Action item -
Omit the pictures, please, and give each record below again exactly.

Given data -

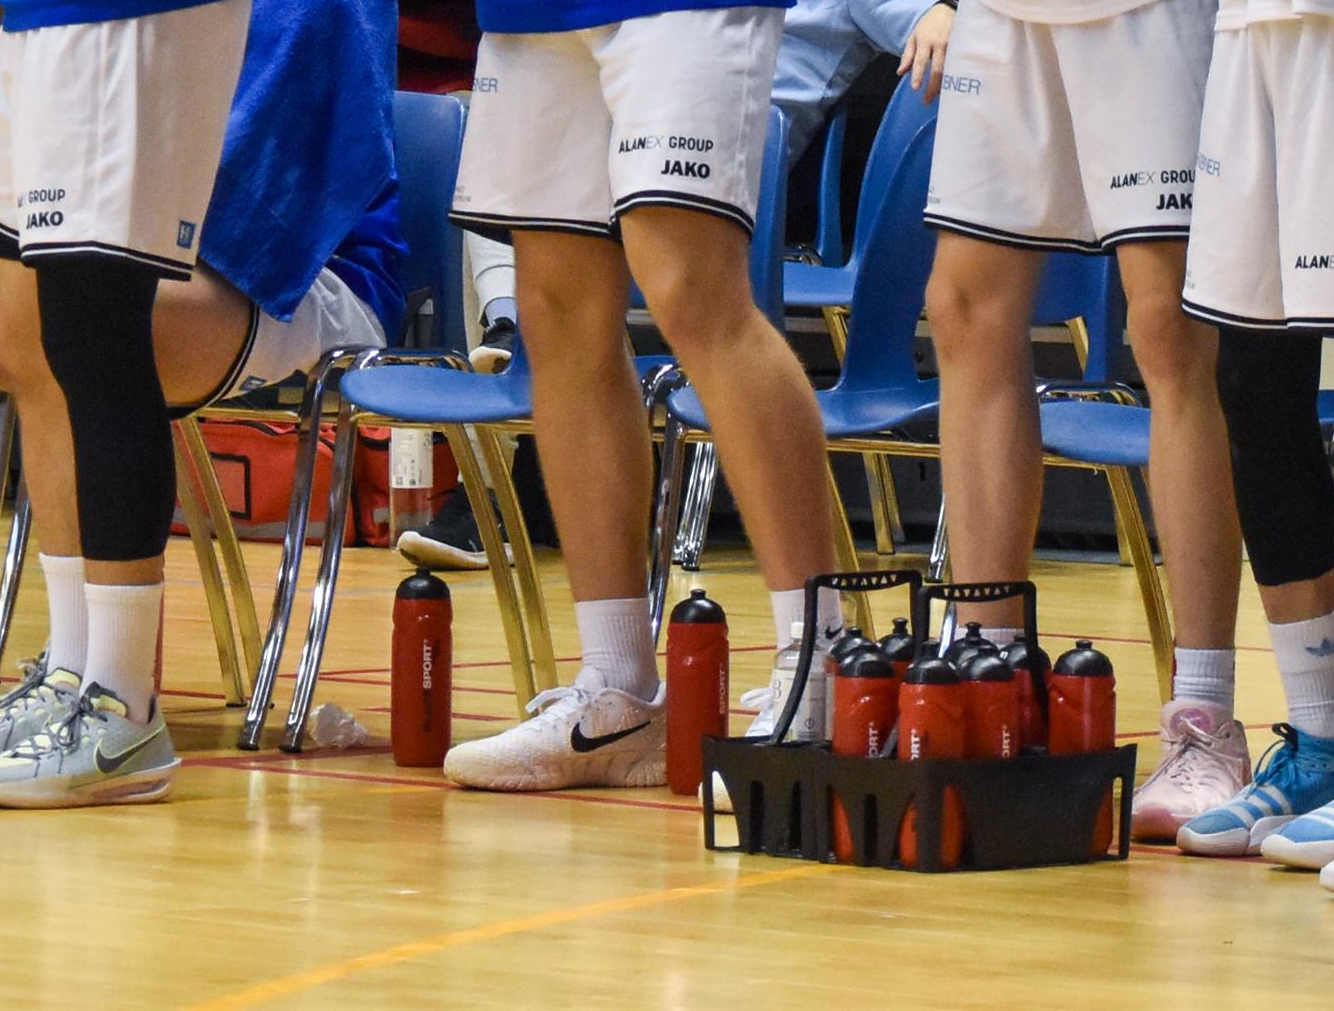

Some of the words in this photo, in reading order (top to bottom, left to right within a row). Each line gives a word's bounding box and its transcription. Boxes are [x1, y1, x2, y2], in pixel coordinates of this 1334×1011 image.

[618, 136, 664, 154] ALANEX
[668, 136, 714, 152] GROUP
[660, 160, 711, 179] JAKO
[1110, 172, 1155, 189] ALANEX
[1160, 170, 1195, 184] GROU
[28, 188, 66, 204] GROUP
[1156, 193, 1193, 210] JAK
[26, 210, 64, 230] JAKO
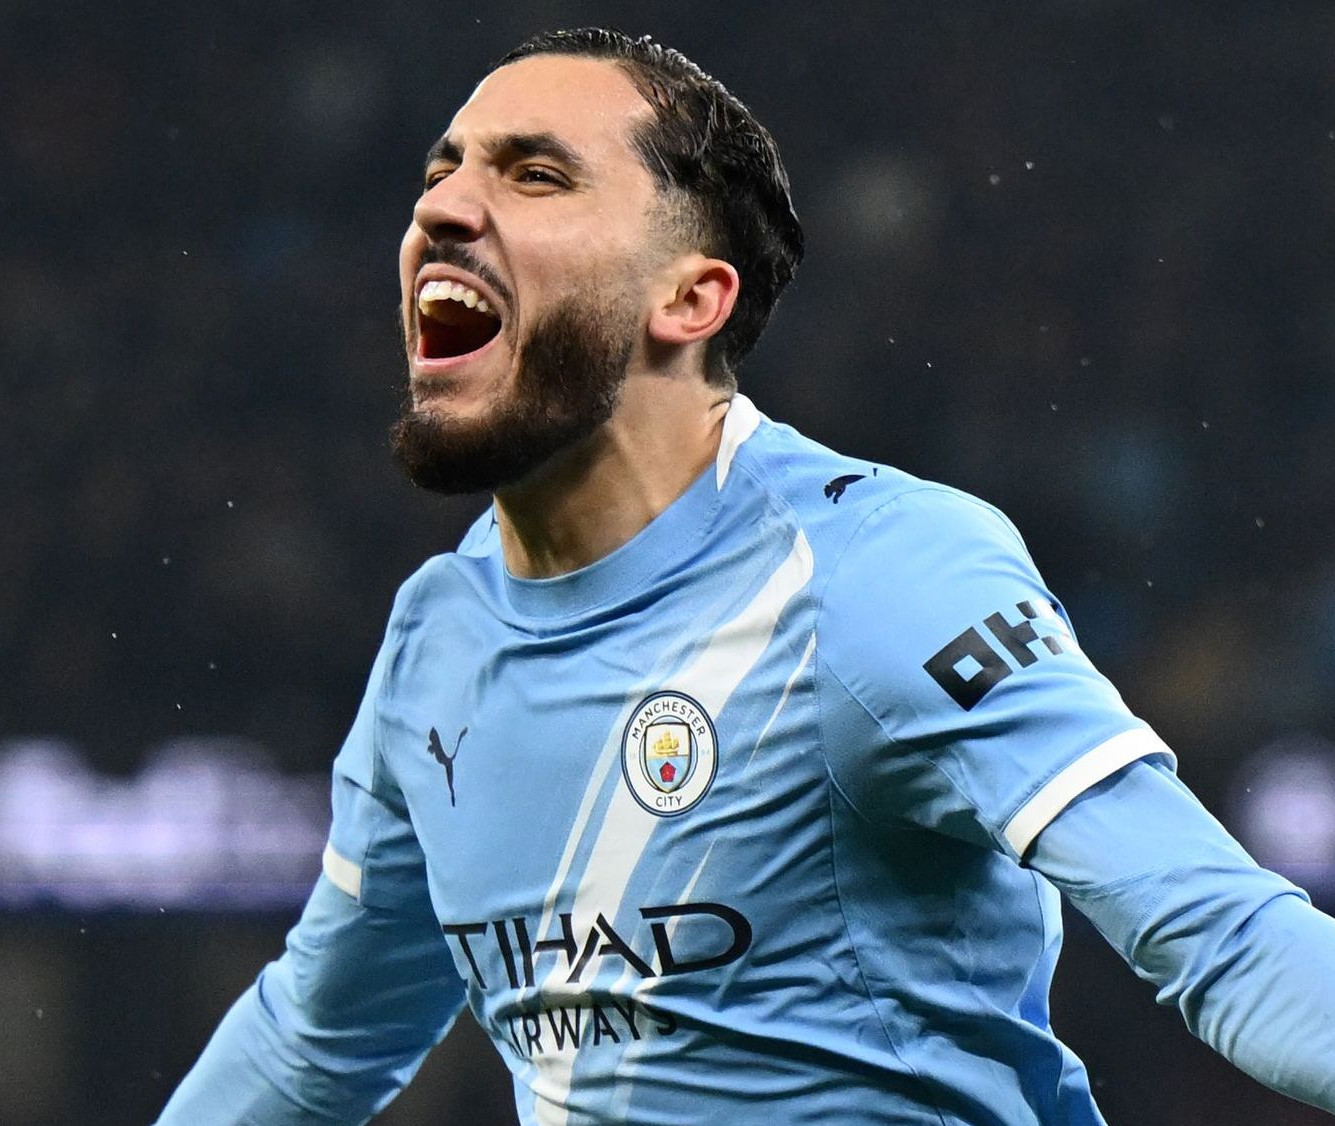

Response area -
Some of the words in this photo, in reading order (top to bottom, left to right within a row). Each line gives a word's bounding box and its transcription. Boxes are [x1, y1, x2, y2], in pixel coordinates of this 1334×1011 image.

[618, 136, 664, 154] ALANEX
[668, 136, 714, 152] GROUP
[660, 160, 711, 179] JAKO
[1110, 172, 1155, 189] ALANEX
[1160, 170, 1195, 184] GROU
[28, 188, 66, 204] GROUP
[1156, 193, 1193, 210] JAK
[26, 210, 64, 230] JAKO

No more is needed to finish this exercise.